TASK STATEMENT => Any picture in the data below gets skipped; print all the rest exactly.
*** PROVIDED DATA ***
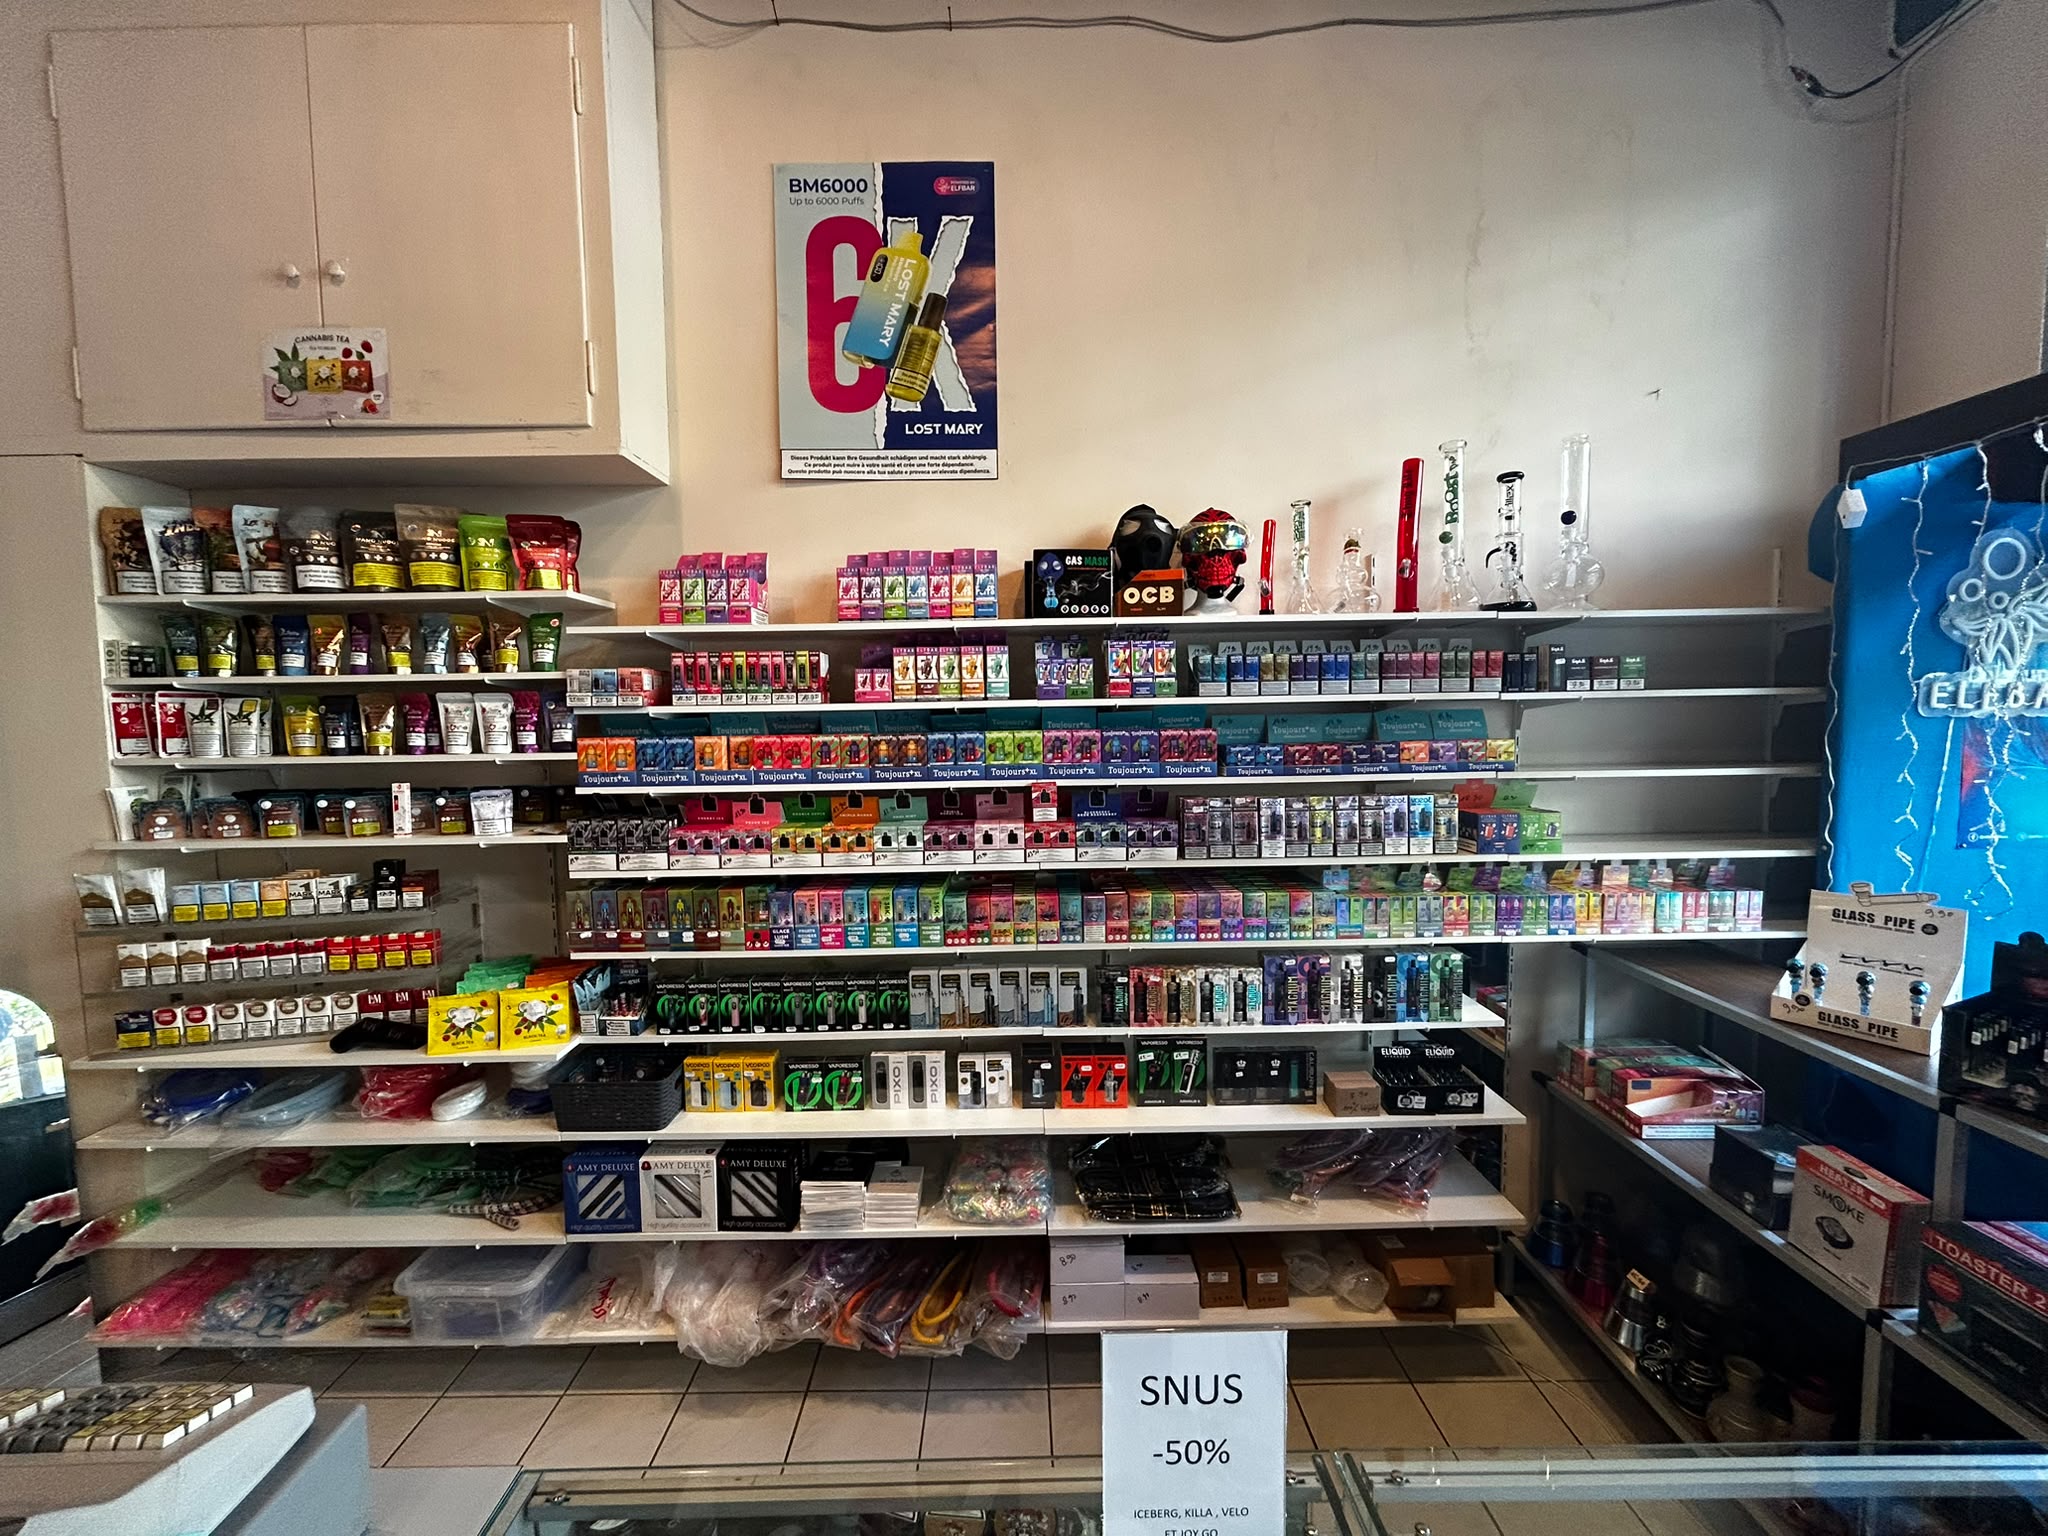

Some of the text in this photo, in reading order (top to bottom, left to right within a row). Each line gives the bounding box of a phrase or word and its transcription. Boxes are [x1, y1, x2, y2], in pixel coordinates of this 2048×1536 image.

[789, 178, 868, 194] BM6000
[789, 196, 865, 206] Up to 6000 Puffs
[878, 257, 917, 349] LOST MARY
[295, 334, 350, 344] CANNABIS TEA
[905, 424, 983, 435] LOST MARY
[1065, 555, 1109, 567] GAS MASK
[1123, 586, 1175, 604] OCB
[1832, 908, 1915, 930] GLASS PIPE
[1115, 986, 1123, 1012] MAGNUM
[1288, 975, 1298, 1013] MAGNUM
[1321, 974, 1331, 1012] MAGNUM
[1353, 974, 1364, 1011] MAGNUM
[1387, 974, 1397, 1010] MAGNUM
[1420, 973, 1430, 1009] MAGNUM
[1453, 972, 1463, 1009] MAGNUM
[1818, 1011, 1898, 1039] GLASS PIPE
[1381, 1047, 1411, 1056] ELIQUID
[1425, 1048, 1455, 1056] ELIQUID
[892, 1066, 901, 1104] PIXO
[930, 1066, 938, 1104] PIXO
[576, 1163, 635, 1172] AMY DELUXE
[653, 1160, 711, 1170] AMY DELUXE
[729, 1159, 787, 1168] AMY DELUXE
[1819, 1163, 1865, 1199] HEATER
[1813, 1184, 1865, 1224] SMOKE
[1937, 1237, 2028, 1301] TOASTER
[1140, 1374, 1243, 1406] SNUS
[1153, 1438, 1230, 1465] -50%
[1134, 1507, 1249, 1520] ICEBERG, KILLA VELO
*** End of PROVIDED DATA ***
SOLUTION TO THE PROBLEM =>
Some of the text in this photo, in reading order (top to bottom, left to right within a row). Each line gives the bounding box of a phrase or word and its transcription. Boxes are [x1, y1, x2, y2], in pixel coordinates of this 2048×1536 image.

[789, 178, 868, 194] BM6000
[789, 196, 865, 206] Up to 6000 Puffs
[878, 257, 917, 349] LOST MARY
[295, 334, 350, 344] CANNABIS TEA
[905, 424, 983, 435] LOST MARY
[1065, 555, 1109, 567] GAS MASK
[1123, 586, 1175, 604] OCB
[1832, 908, 1915, 930] GLASS PIPE
[1115, 986, 1123, 1012] MAGNUM
[1288, 975, 1298, 1013] MAGNUM
[1321, 974, 1331, 1012] MAGNUM
[1353, 974, 1364, 1011] MAGNUM
[1387, 974, 1397, 1010] MAGNUM
[1420, 973, 1430, 1009] MAGNUM
[1453, 972, 1463, 1009] MAGNUM
[1818, 1011, 1898, 1039] GLASS PIPE
[1381, 1047, 1411, 1056] ELIQUID
[1425, 1048, 1455, 1056] ELIQUID
[892, 1066, 901, 1104] PIXO
[930, 1066, 938, 1104] PIXO
[576, 1163, 635, 1172] AMY DELUXE
[653, 1160, 711, 1170] AMY DELUXE
[729, 1159, 787, 1168] AMY DELUXE
[1819, 1163, 1865, 1199] HEATER
[1813, 1184, 1865, 1224] SMOKE
[1937, 1237, 2028, 1301] TOASTER
[1140, 1374, 1243, 1406] SNUS
[1153, 1438, 1230, 1465] -50%
[1134, 1507, 1249, 1520] ICEBERG, KILLA VELO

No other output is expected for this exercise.